▶ [Task brief]: From the line with "this 1200×1800 image." through the final line below, restate each line word for word and return nothing else.

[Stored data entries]

------

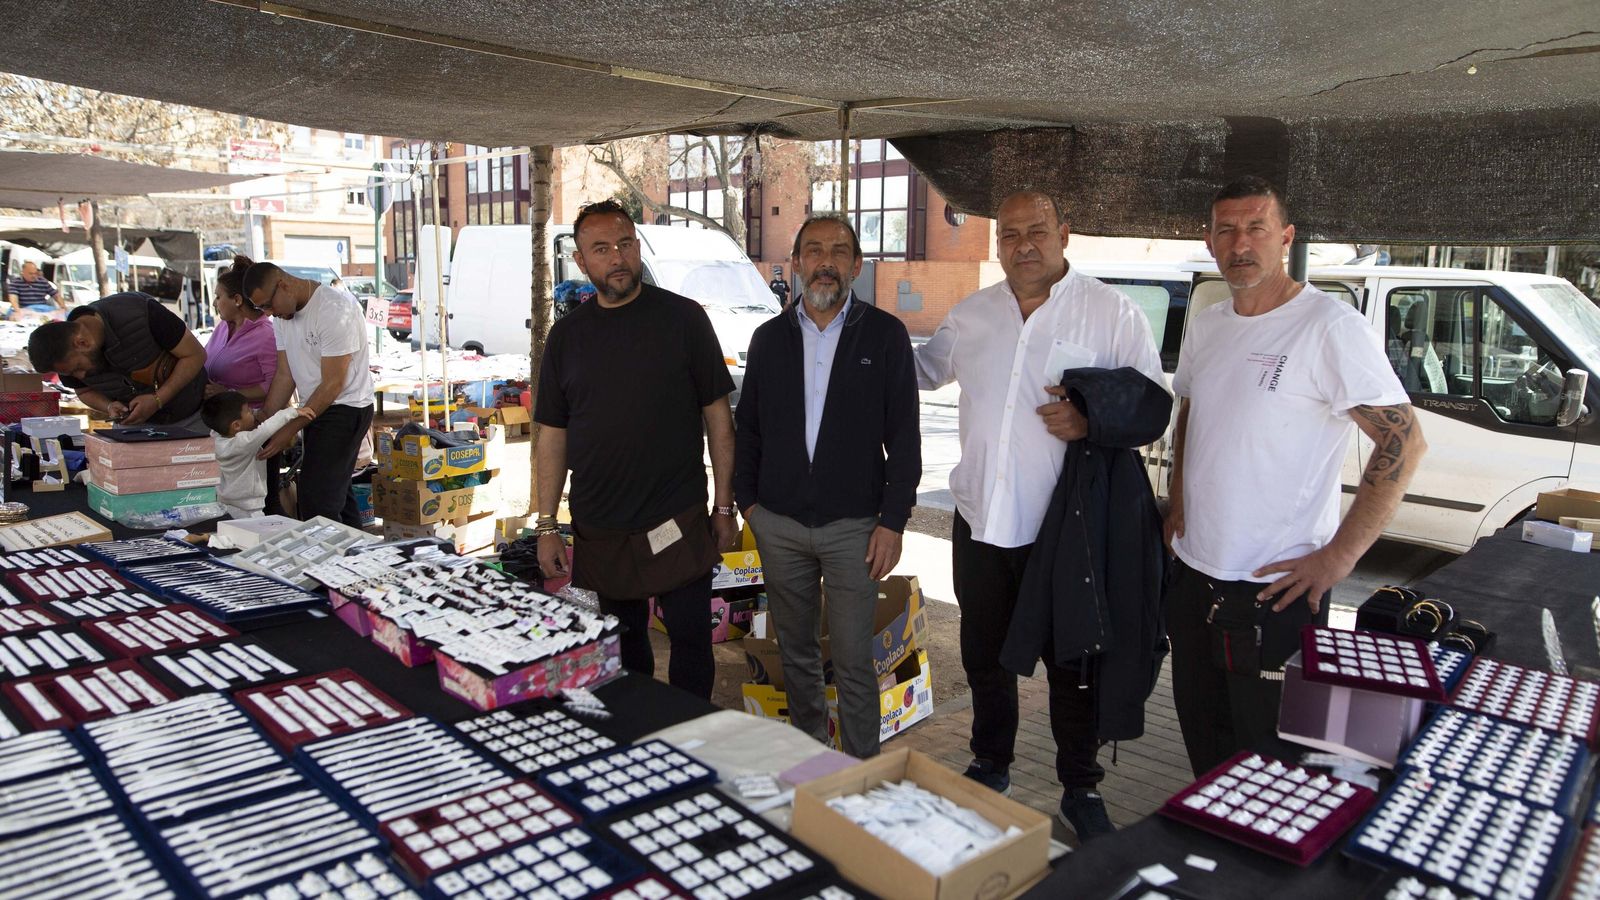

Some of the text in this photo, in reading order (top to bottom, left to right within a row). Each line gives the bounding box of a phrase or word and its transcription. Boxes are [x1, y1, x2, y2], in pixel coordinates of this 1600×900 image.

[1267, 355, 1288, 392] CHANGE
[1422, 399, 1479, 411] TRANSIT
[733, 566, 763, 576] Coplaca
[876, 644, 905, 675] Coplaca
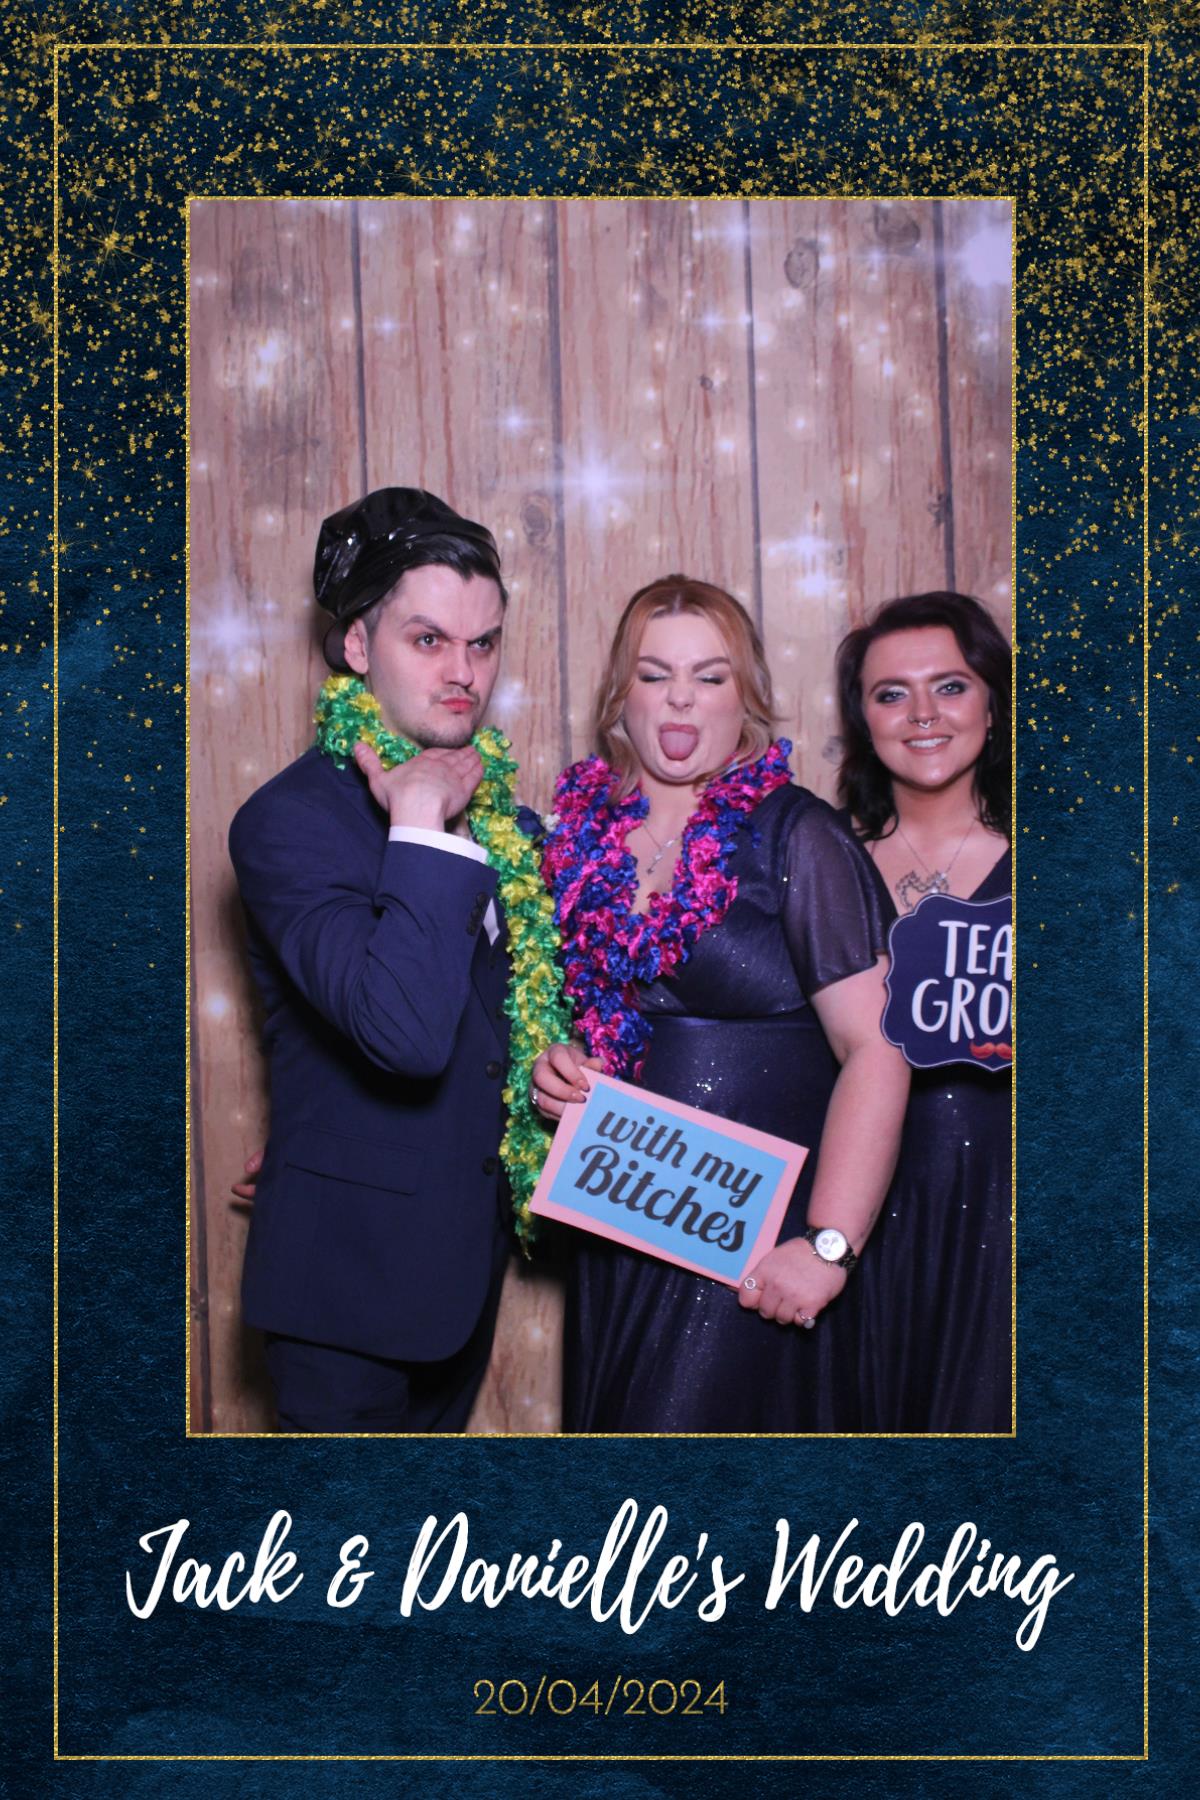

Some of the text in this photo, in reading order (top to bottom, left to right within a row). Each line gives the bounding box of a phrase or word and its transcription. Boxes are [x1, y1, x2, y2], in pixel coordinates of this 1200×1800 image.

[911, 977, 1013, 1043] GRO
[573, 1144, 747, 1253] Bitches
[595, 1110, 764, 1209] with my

------

▶ [Exercise solution]:
Some of the text in this photo, in reading order (top to bottom, left to right within a row). Each line gives the bounding box of a phrase or word and its transcription. Boxes are [x1, y1, x2, y2], in pixel coordinates of this 1200×1800 image.

[911, 977, 1013, 1043] GRO
[573, 1144, 747, 1253] Bitches
[595, 1110, 764, 1209] with my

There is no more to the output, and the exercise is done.